• _DATA FOR THIS TASK_:
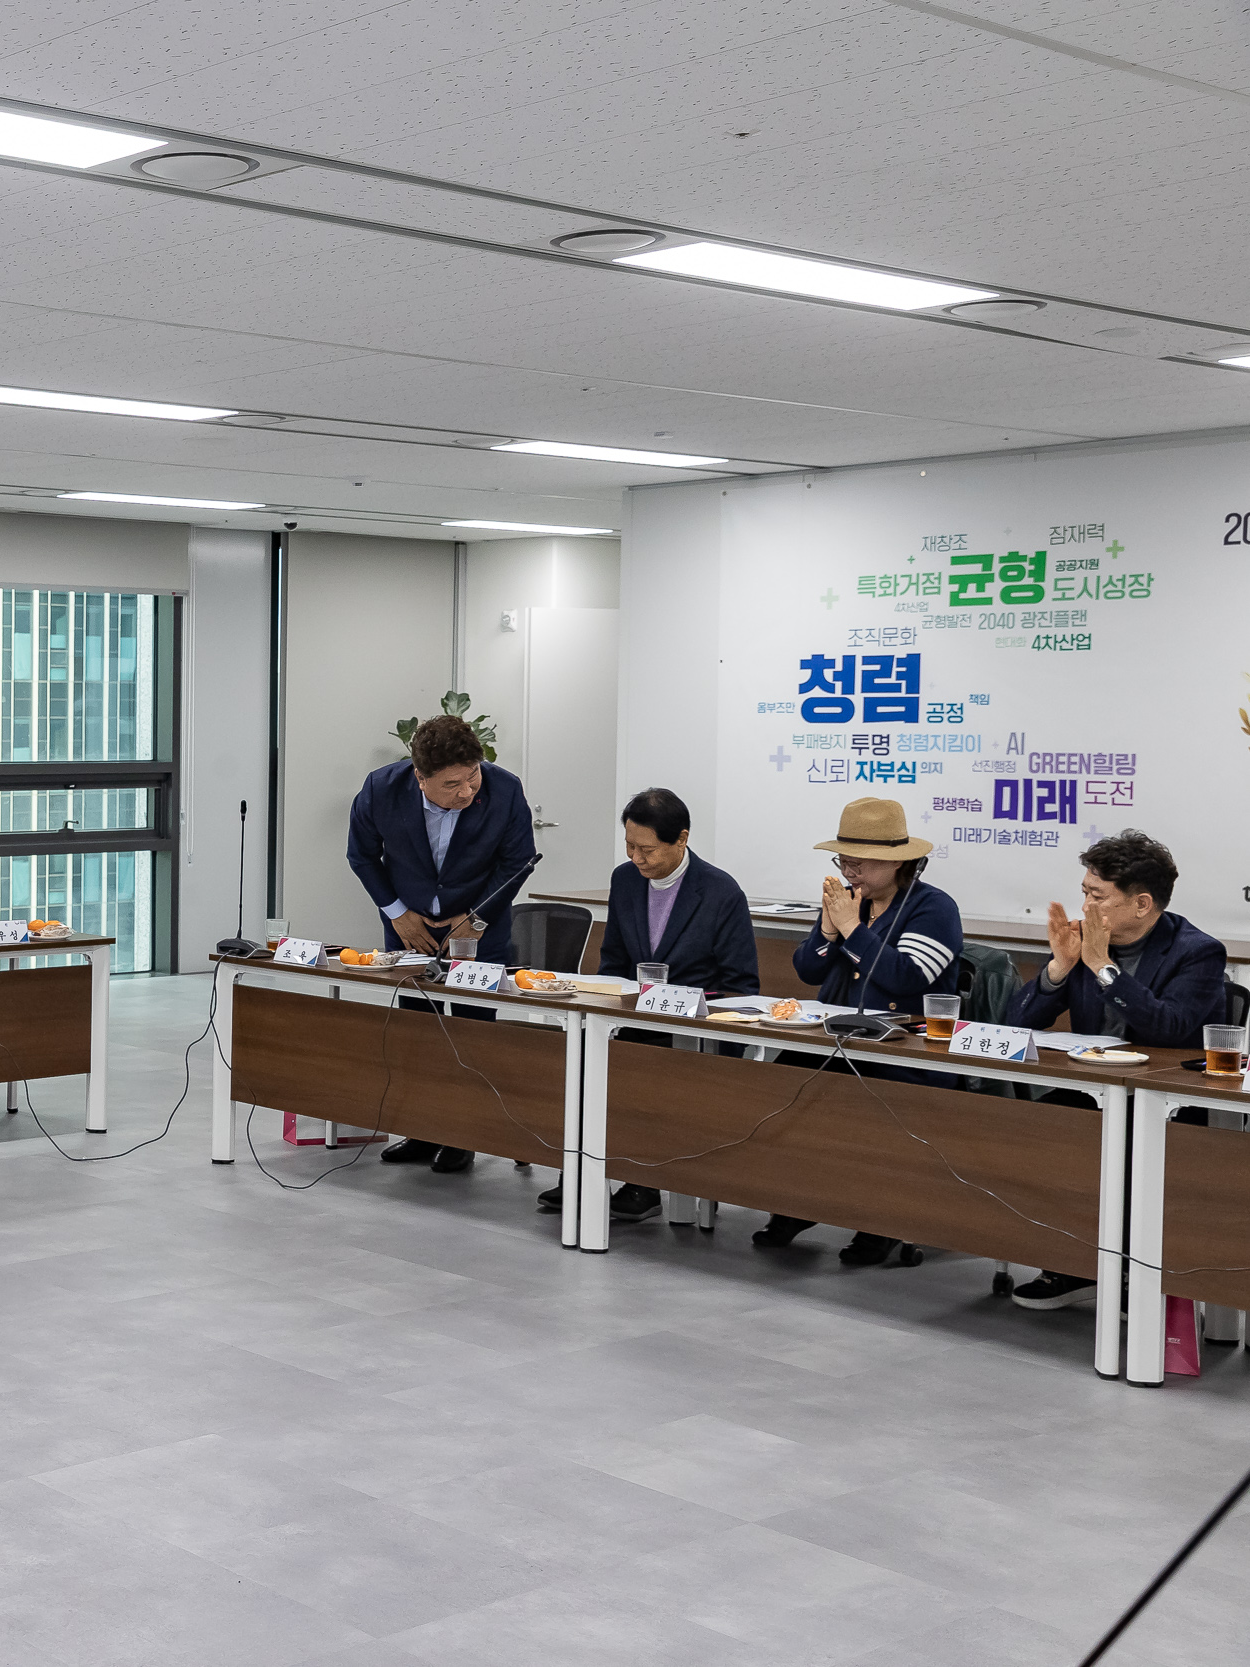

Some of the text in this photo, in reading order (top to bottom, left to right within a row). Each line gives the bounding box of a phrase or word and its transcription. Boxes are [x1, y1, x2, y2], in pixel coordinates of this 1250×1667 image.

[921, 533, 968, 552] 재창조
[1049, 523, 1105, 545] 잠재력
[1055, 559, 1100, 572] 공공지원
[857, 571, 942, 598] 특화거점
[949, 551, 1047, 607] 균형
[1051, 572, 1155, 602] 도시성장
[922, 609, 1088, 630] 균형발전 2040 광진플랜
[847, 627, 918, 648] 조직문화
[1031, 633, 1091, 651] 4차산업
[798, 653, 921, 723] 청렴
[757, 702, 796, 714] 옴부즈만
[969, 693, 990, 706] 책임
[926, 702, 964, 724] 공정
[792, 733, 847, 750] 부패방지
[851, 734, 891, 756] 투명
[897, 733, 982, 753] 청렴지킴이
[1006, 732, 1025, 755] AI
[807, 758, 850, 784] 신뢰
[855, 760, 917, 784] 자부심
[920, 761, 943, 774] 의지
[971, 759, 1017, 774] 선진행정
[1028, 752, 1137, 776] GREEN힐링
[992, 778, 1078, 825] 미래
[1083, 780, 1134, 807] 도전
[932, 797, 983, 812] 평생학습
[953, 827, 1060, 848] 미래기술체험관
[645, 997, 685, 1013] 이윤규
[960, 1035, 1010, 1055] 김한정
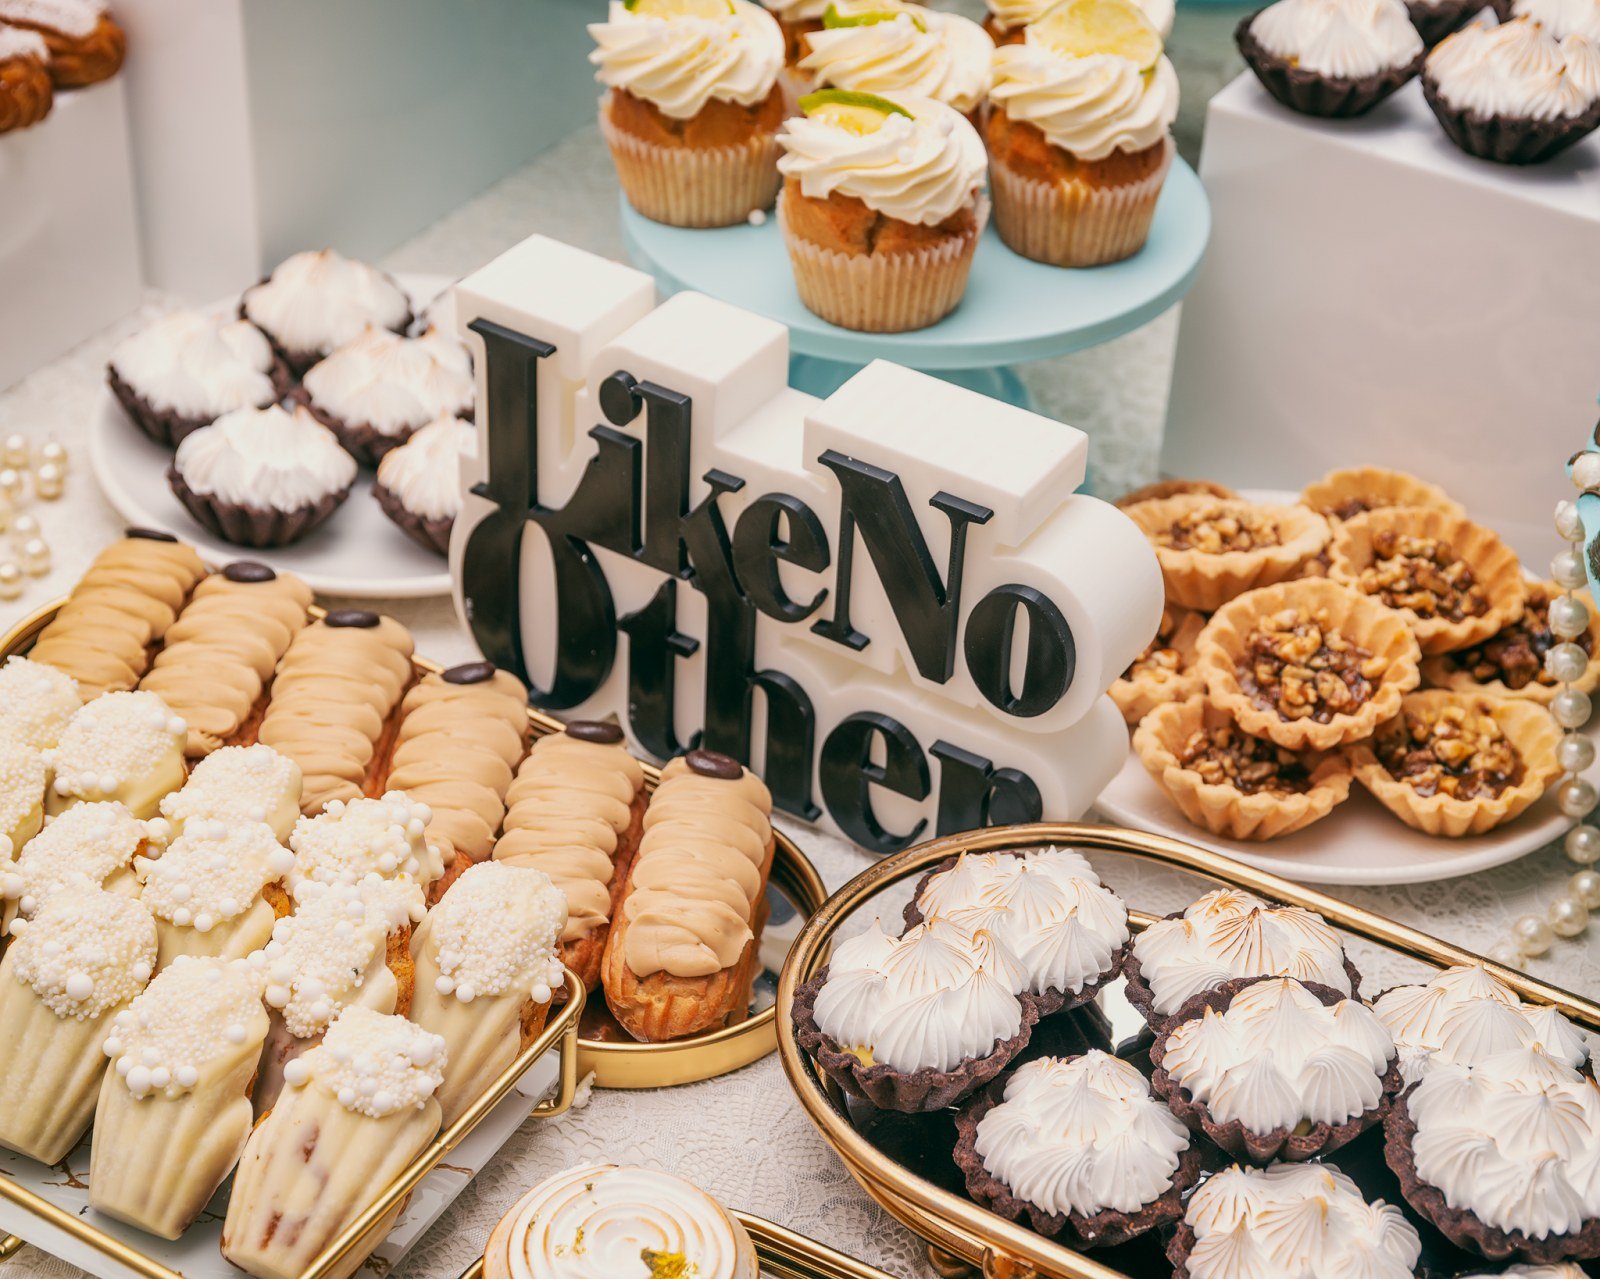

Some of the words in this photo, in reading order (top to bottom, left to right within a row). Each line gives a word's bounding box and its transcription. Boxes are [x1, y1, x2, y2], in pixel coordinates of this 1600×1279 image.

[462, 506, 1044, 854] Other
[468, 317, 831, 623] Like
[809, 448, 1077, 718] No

• _THE PROBLEM_: All that is needed is the line containing "Some of the words" and each line after it to the end of the data above, set down exactly.

• _SOLUTION_:
Some of the words in this photo, in reading order (top to bottom, left to right within a row). Each line gives a word's bounding box and its transcription. Boxes are [x1, y1, x2, y2], in pixel coordinates of this 1600×1279 image.

[462, 506, 1044, 854] Other
[468, 317, 831, 623] Like
[809, 448, 1077, 718] No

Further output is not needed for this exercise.